WORK TO COMPLETE: Only the records, exactly as written, belong in the answer; pictures do not.

** Opening MATERIAL FOR THE TASK block **

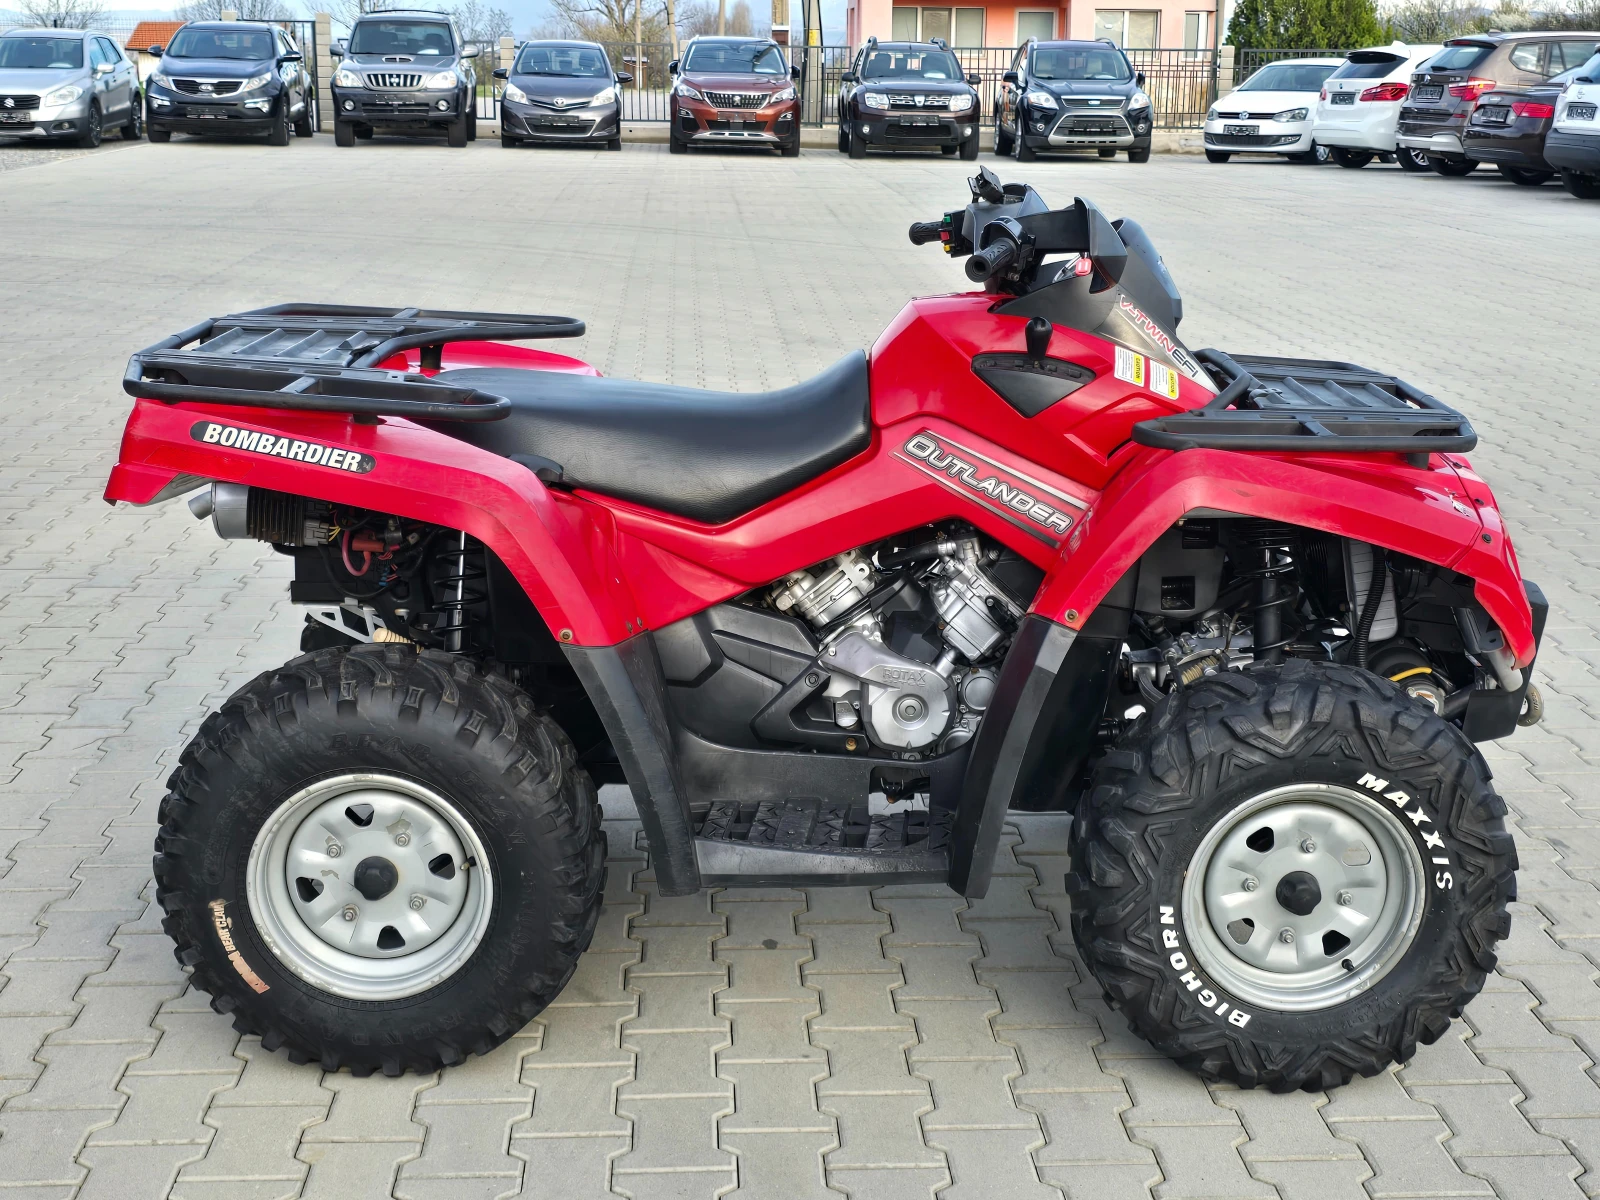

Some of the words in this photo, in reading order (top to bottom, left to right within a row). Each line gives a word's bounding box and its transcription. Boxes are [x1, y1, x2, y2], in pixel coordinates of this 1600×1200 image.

[202, 422, 362, 472] BOMBARDIER
[905, 431, 1073, 536] OUTLANDER
[882, 667, 928, 683] ROTAX
[1356, 771, 1455, 892] MAXXIS
[216, 929, 237, 953] BEAR
[1158, 905, 1252, 1029] BIGHORN

** Closing MATERIAL FOR THE TASK block **

EXERCISE OUTPUT:
Some of the words in this photo, in reading order (top to bottom, left to right within a row). Each line gives a word's bounding box and its transcription. Boxes are [x1, y1, x2, y2], in pixel coordinates of this 1600×1200 image.

[202, 422, 362, 472] BOMBARDIER
[905, 431, 1073, 536] OUTLANDER
[882, 667, 928, 683] ROTAX
[1356, 771, 1455, 892] MAXXIS
[216, 929, 237, 953] BEAR
[1158, 905, 1252, 1029] BIGHORN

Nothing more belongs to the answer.